Controlling attitude maneuvers of flexible spacecraft based on nonlinear model using combined feedback-feedforward constant-amplitude inputs

Attitude maneuvers of rigid main body with two large solar panels spacecraft are studied. Equations of motion of the spacecraft are derived using Lagrange´s formulation and the solar panels are supposed as flexible substructures. To discrete the solar panel motions, the finite element method is used. The solar panels are modeled as rectangular bending plate elements. The complete equations of motion resulted are a nonlinear differential equations. The system showed rich physical phenomenons caused by nonlinear couplings between the rigid and flexible substructures those are not uniform in roll, pitch, and yaw motions. Input shaper is the known feed-forward method for fast maneuvers of flexible systems while reducing their residual vibrations. The method is very powerful and effective for the linear systems.
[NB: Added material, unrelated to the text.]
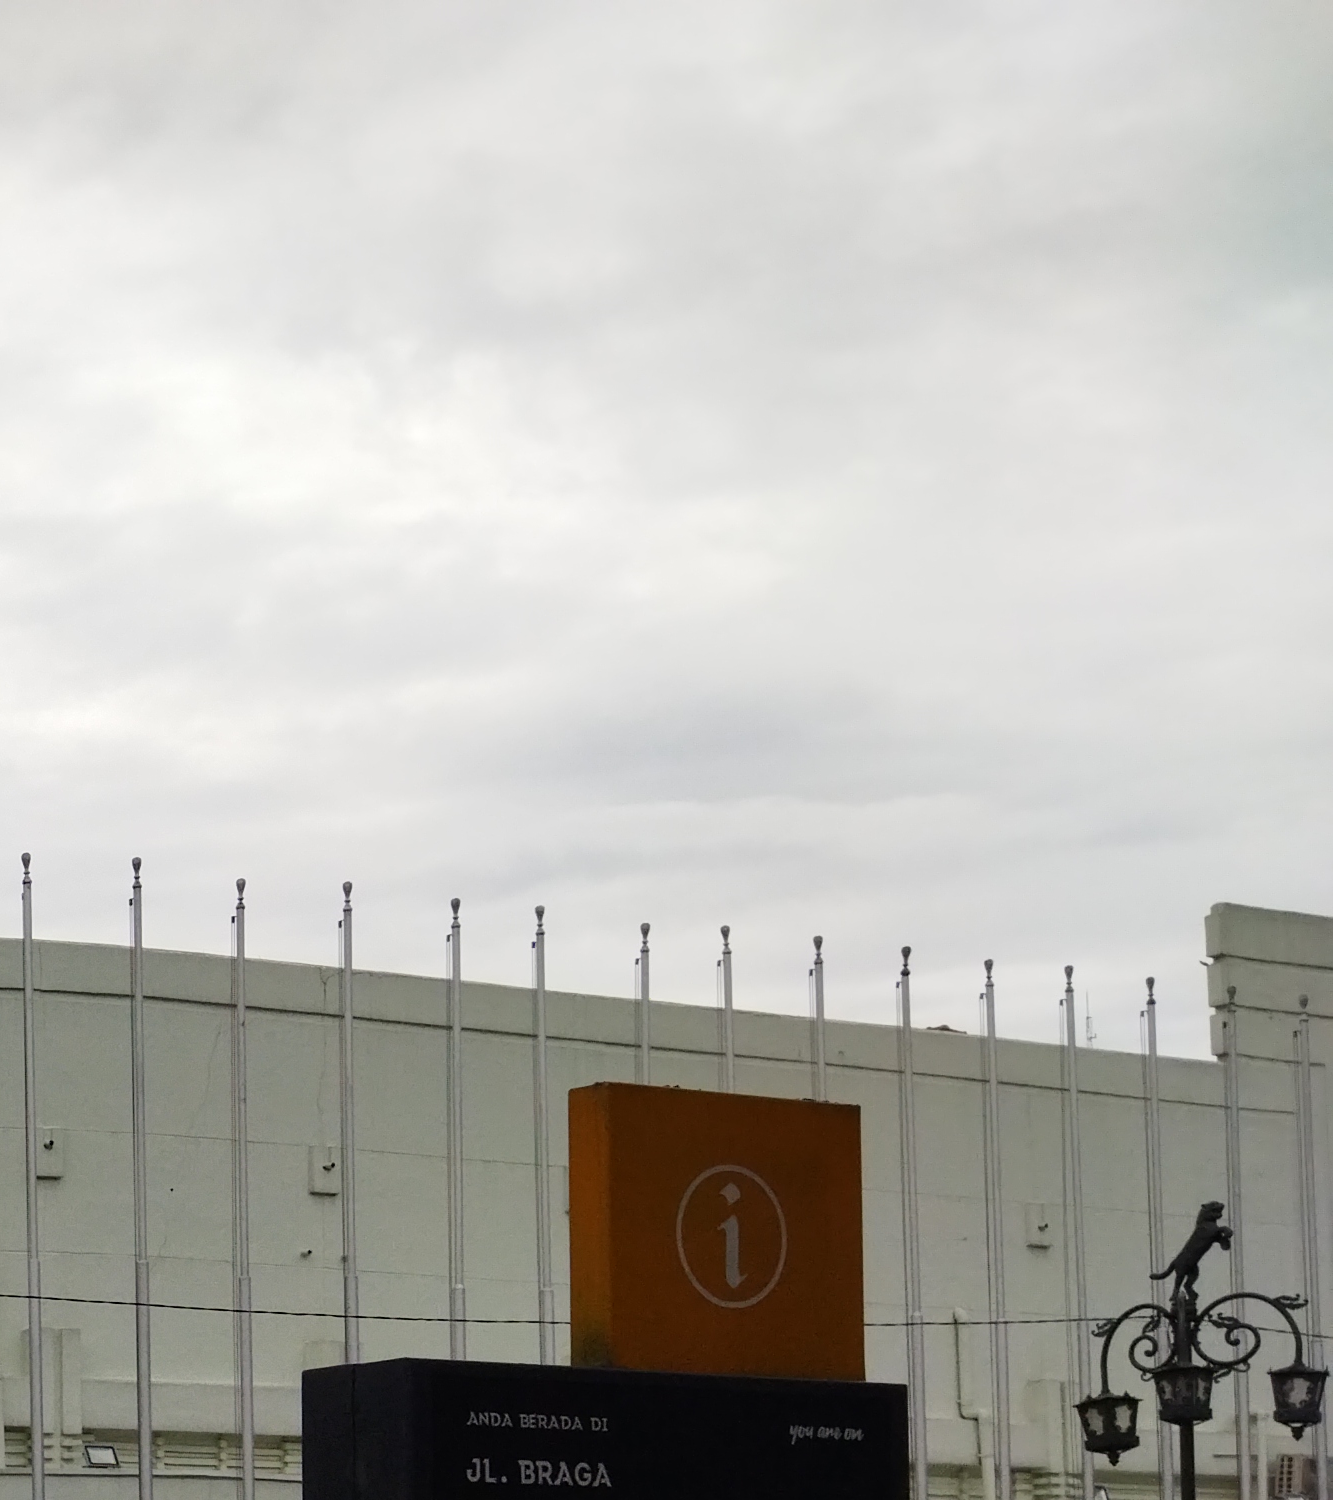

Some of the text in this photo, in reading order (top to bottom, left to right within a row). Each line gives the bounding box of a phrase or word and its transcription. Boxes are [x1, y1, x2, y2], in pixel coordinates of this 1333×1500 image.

[466, 1411, 609, 1432] ANDA BERADA DI
[789, 1424, 864, 1445] you are on
[465, 1457, 613, 1488] JL. BRAGA
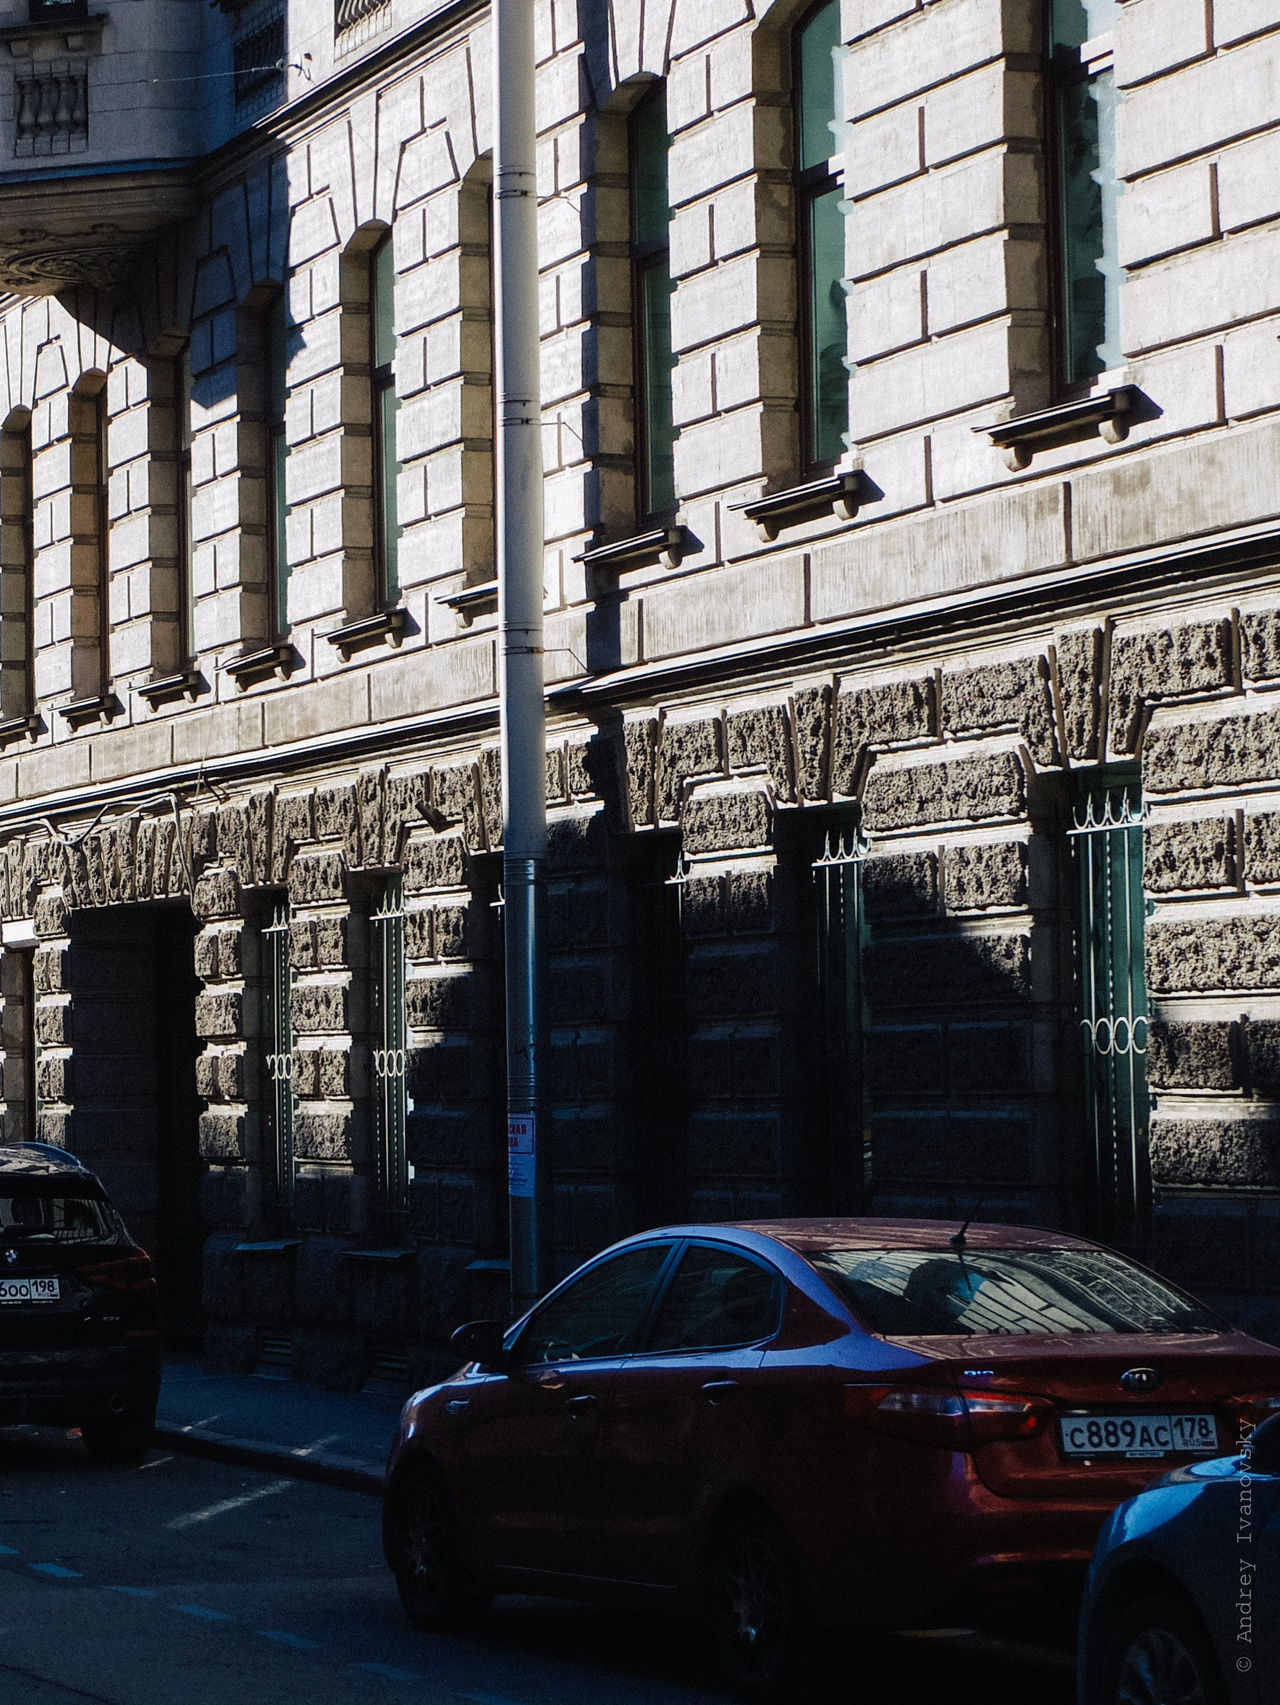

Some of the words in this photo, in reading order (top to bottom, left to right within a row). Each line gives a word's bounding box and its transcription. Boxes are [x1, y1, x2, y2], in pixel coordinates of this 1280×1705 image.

When this method is applied to maneuver the studied spacecraft, which is the nonlinear system, the desired attitude displacements and velocities cannot be achieved anymore. To solve the above problems, a combination of feedback and feed-forward inputs are proposed. The feedforward input is based on the input shaper, while the feedback input is formulated basing on the known proportional-derivative (PD) controller. Under the combined feedback-feedback proposed method, the maneuvers can be performed efficiently. The comparison of maneuver results between the proposed method, the PD control, and other feed-forward controls will be presented and discussed.